• [Directions for this task] Your output should be an exact copy of the records, with no pictures in it.

• [Provided entries]
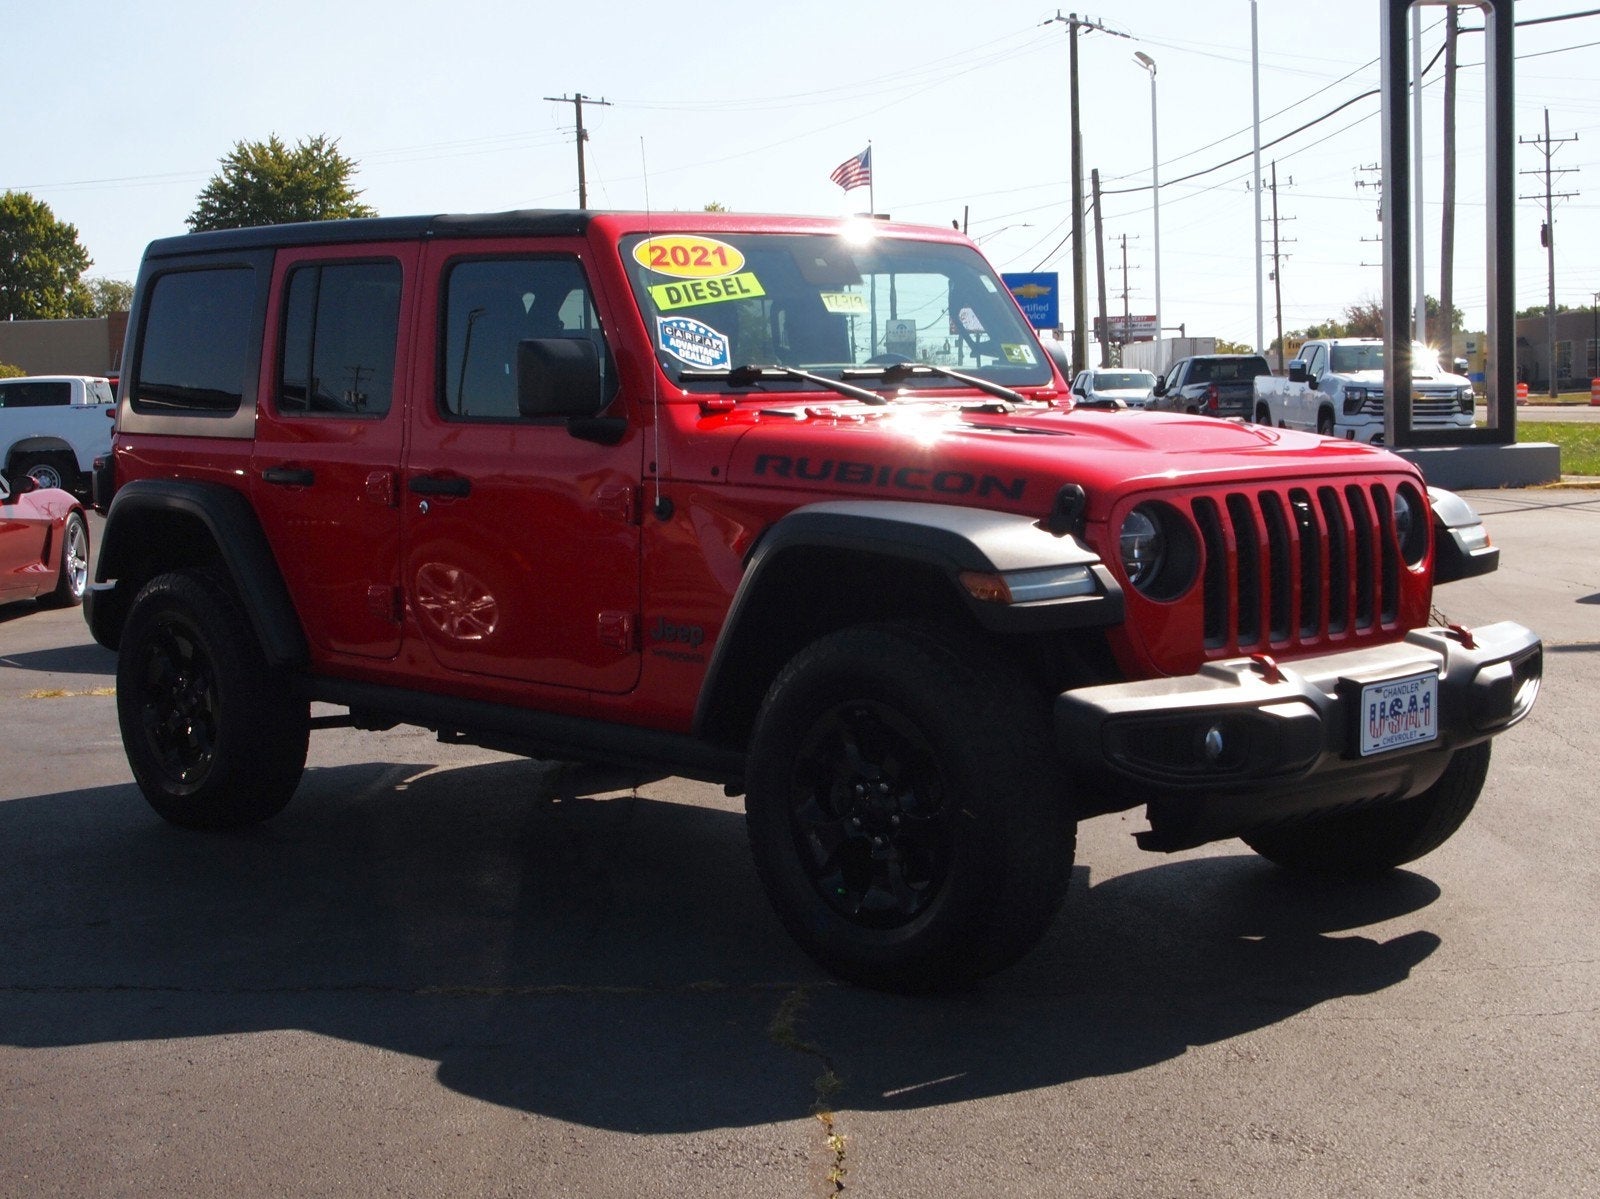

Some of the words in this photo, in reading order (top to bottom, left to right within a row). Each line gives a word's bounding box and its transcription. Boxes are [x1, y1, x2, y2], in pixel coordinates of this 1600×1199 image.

[649, 245, 728, 267] 2021
[665, 277, 751, 305] DIESEL
[665, 326, 722, 350] CARFAX
[670, 337, 721, 359] ADVANTAGE
[679, 348, 713, 366] DEALER
[754, 454, 1028, 500] RUBICON
[650, 616, 704, 650] Jeep
[1383, 683, 1419, 698] CHANDLER
[1382, 730, 1417, 745] CHEVROLET

• [Written response]
Some of the words in this photo, in reading order (top to bottom, left to right within a row). Each line gives a word's bounding box and its transcription. Boxes are [x1, y1, x2, y2], in pixel coordinates of this 1600×1199 image.

[649, 245, 728, 267] 2021
[665, 277, 751, 305] DIESEL
[665, 326, 722, 350] CARFAX
[670, 337, 721, 359] ADVANTAGE
[679, 348, 713, 366] DEALER
[754, 454, 1028, 500] RUBICON
[650, 616, 704, 650] Jeep
[1383, 683, 1419, 698] CHANDLER
[1382, 730, 1417, 745] CHEVROLET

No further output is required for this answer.